Write the data out again exactly and in full.

**Records provided**
*** Begin section ***

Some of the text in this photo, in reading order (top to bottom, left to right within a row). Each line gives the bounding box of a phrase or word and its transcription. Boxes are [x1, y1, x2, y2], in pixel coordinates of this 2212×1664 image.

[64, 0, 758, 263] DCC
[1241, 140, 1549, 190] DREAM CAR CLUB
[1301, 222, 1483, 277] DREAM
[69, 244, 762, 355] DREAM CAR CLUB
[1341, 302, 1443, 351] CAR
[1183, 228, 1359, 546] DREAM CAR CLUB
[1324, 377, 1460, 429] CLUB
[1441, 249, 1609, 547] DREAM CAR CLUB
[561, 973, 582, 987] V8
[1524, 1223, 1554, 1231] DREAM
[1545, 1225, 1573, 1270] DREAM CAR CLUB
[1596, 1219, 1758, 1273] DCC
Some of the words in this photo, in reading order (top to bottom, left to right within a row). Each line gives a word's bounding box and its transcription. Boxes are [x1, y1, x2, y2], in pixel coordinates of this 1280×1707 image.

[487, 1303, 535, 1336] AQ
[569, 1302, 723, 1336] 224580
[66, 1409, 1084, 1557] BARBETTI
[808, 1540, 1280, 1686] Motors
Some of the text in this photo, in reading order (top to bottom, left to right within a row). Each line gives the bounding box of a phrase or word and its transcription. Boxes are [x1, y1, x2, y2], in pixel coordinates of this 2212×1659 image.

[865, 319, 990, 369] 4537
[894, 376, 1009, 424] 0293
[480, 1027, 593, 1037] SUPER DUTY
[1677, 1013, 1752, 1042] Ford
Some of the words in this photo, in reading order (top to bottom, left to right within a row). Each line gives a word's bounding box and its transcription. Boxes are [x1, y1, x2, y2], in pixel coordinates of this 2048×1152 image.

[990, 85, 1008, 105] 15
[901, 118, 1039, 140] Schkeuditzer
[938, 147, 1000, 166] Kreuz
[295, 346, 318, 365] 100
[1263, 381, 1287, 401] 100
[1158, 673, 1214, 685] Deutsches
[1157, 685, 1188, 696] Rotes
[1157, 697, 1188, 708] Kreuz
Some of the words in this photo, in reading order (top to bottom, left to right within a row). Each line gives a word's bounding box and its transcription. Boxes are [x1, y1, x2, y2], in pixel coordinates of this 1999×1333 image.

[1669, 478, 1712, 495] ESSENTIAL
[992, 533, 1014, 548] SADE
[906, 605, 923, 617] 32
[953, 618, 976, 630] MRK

*** End section ***

**Completed task**
Some of the text in this photo, in reading order (top to bottom, left to right within a row). Each line gives the bounding box of a phrase or word and its transcription. Boxes are [x1, y1, x2, y2], in pixel coordinates of this 2212×1664 image.

[64, 0, 758, 263] DCC
[1241, 140, 1549, 190] DREAM CAR CLUB
[1301, 222, 1483, 277] DREAM
[69, 244, 762, 355] DREAM CAR CLUB
[1341, 302, 1443, 351] CAR
[1183, 228, 1359, 546] DREAM CAR CLUB
[1324, 377, 1460, 429] CLUB
[1441, 249, 1609, 547] DREAM CAR CLUB
[561, 973, 582, 987] V8
[1524, 1223, 1554, 1231] DREAM
[1545, 1225, 1573, 1270] DREAM CAR CLUB
[1596, 1219, 1758, 1273] DCC
Some of the words in this photo, in reading order (top to bottom, left to right within a row). Each line gives a word's bounding box and its transcription. Boxes are [x1, y1, x2, y2], in pixel coordinates of this 1280×1707 image.

[487, 1303, 535, 1336] AQ
[569, 1302, 723, 1336] 224580
[66, 1409, 1084, 1557] BARBETTI
[808, 1540, 1280, 1686] Motors
Some of the text in this photo, in reading order (top to bottom, left to right within a row). Each line gives the bounding box of a phrase or word and its transcription. Boxes are [x1, y1, x2, y2], in pixel coordinates of this 2212×1659 image.

[865, 319, 990, 369] 4537
[894, 376, 1009, 424] 0293
[480, 1027, 593, 1037] SUPER DUTY
[1677, 1013, 1752, 1042] Ford
Some of the words in this photo, in reading order (top to bottom, left to right within a row). Each line gives a word's bounding box and its transcription. Boxes are [x1, y1, x2, y2], in pixel coordinates of this 2048×1152 image.

[990, 85, 1008, 105] 15
[901, 118, 1039, 140] Schkeuditzer
[938, 147, 1000, 166] Kreuz
[295, 346, 318, 365] 100
[1263, 381, 1287, 401] 100
[1158, 673, 1214, 685] Deutsches
[1157, 685, 1188, 696] Rotes
[1157, 697, 1188, 708] Kreuz
Some of the words in this photo, in reading order (top to bottom, left to right within a row). Each line gives a word's bounding box and its transcription. Boxes are [x1, y1, x2, y2], in pixel coordinates of this 1999×1333 image.

[1669, 478, 1712, 495] ESSENTIAL
[992, 533, 1014, 548] SADE
[906, 605, 923, 617] 32
[953, 618, 976, 630] MRK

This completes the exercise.